Todos tenemos en nuestros cuartos, en nuestra oficina, en nuestros depósitos, en nuestros armarios, en nuestros baúles y en nuestras paredes objetos (cosas) que forman parte de nuestra identidad —que nos retratan—. Dicen que la fascinación de Albert Einstein por la ciencia nació después de que su padre le entregara una sencilla brújula de mano. Que la actriz Marilyn Monroe guardó muchas de las cartas íntimas de sus exmaridos para no olvidarse completamente de ellos. Que el dictador ugandés Idi Amin almacenaba cabezas humanas para infundir temor en sus enemigos. Y que Neil Armstrong regresó con una bolsa repleta de souvenirs espaciales después de su viaje a la Luna con la misión Apolo 11. Los objetos son nuestra memoria. Son los rastros de lo que hicimos, una profecía de lo que haremos y una ventana a nuestra biografía. Son una declaración de intenciones, una metáfora (en tres dimensiones) de nuestro paso por este planeta y una manera de comprender a los que nos rodean. Y nosotros somos lo que tenemos, lo que tuvimos y también lo que tendremos. Somos la biblioteca llena de libros con las páginas subrayadas que heredamos de nuestros abuelos, el peluche junto al que nos arropaban nuestros padres para dormirnos, la fotografía hecha pedazos tras una traición inesperada. Y cuando morimos —y nos incineran— somos cenizas dentro de urnas personalizadas (es decir, objetos nuevos).
Mi obsesión por la vida de las cosas germinó gracias al Precio de la historia, un reality show de Estados Unidos protagonizado por cuatro tipos irónicos con sobrepeso y marcado acento sureño dedicados a la compra y venta de artefactos curiosos, automóviles antiguos y otras reliquias. En cada episodio de estreno, el cuarteto menos glamouroso de la parrilla televisiva norteamericana busca pistas que nos revelan los secretos detrás de cada artilugio que reciben en su tienda. Su trabajo es como el de un arqueólogo, pero de la nueva era, y fue el que me inspiró a ir más allá. De las apariencias y a pensar detenidamente en los universos que rodean a los artefactos que manipulamos, exhibimos u observamos cada cierto tiempo. ¿Por qué nos aferramos a los objetos? ¿Por qué es atractivo un llamador de pájaros diminuto o un termómetro que no funciona? ¿Para qué conservar una linterna que ya no prende? ¿Y un hacha que se transforma en pala? ¿Y una montaña de corchos con olor a vino?

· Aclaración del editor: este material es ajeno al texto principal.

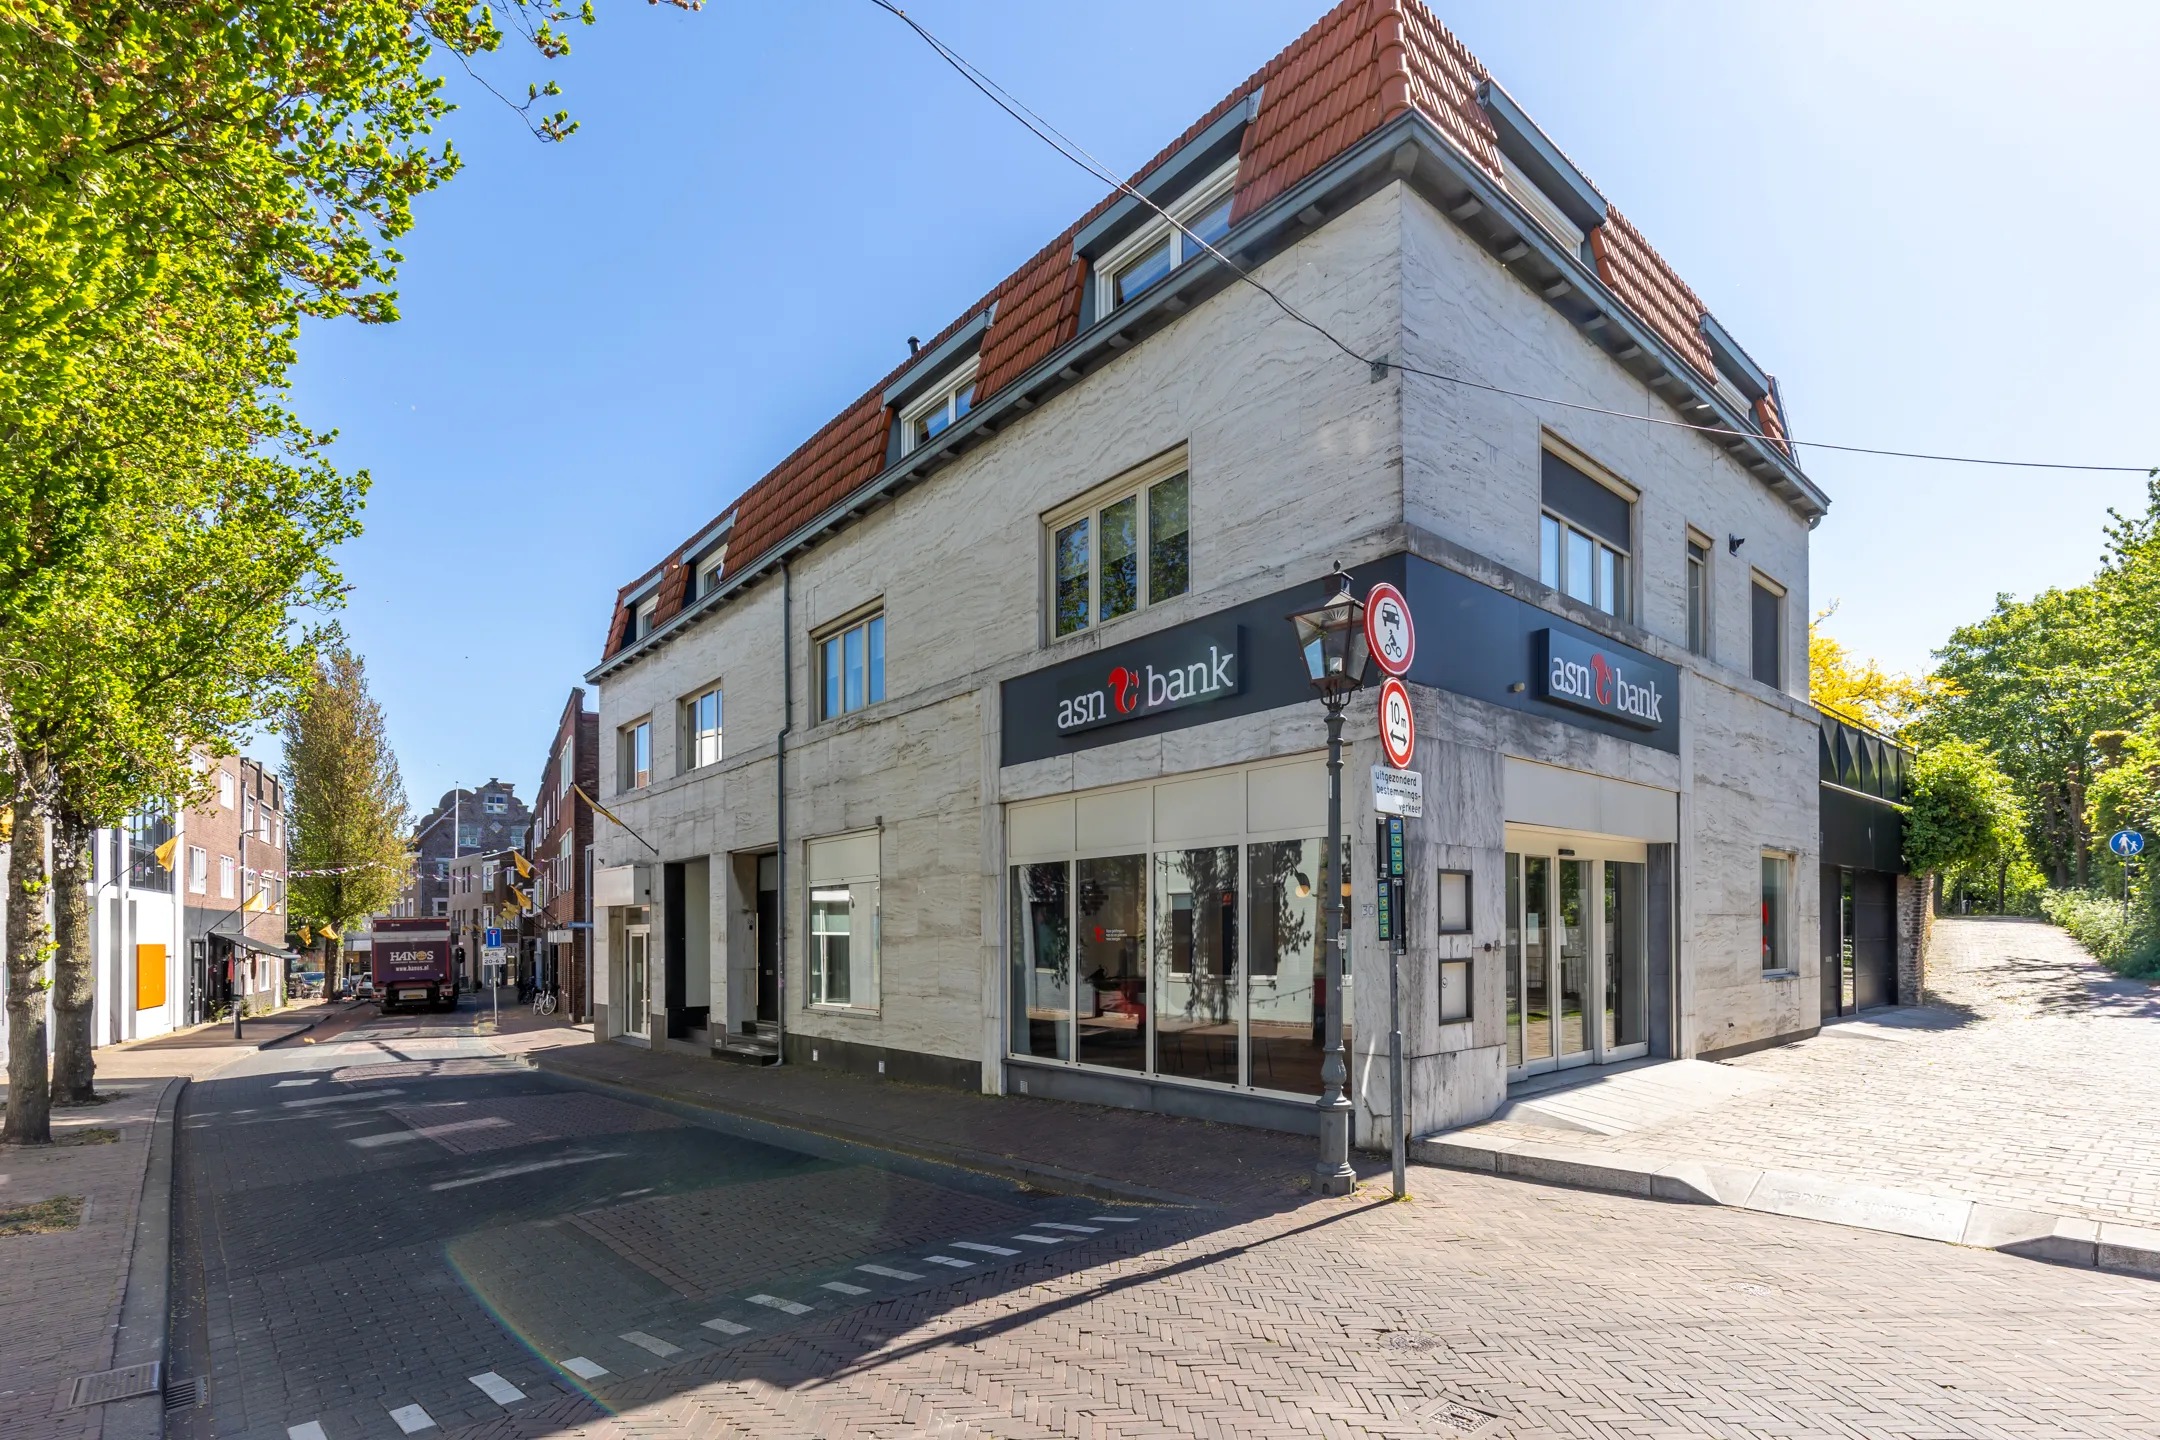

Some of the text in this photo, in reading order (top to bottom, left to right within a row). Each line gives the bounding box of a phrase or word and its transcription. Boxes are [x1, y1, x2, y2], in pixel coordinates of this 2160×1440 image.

Hace un par de años, un documental de Juan Gabriel Estellano me demostró que los objetos tienen siete vidas, como los gatos. Un frigorífico, por ejemplo, es un electrodoméstico para conservar cierto tipo de alimentos y también el aparato en el que pegamos las facturas de la luz y del agua para no olvidar pagarlas. Para un ambientalista, un pedazo de papel de los de liar tabaco es también un símbolo de la deforestación de la Amazonía. Una gran caja de cartón vacía le sirve a un niño como guarida de juegos y a un adulto como tabla de salvación cuando se muda de casa. Y un martillo de madera, de los de amasar la carne, en una subasta es poder al instante.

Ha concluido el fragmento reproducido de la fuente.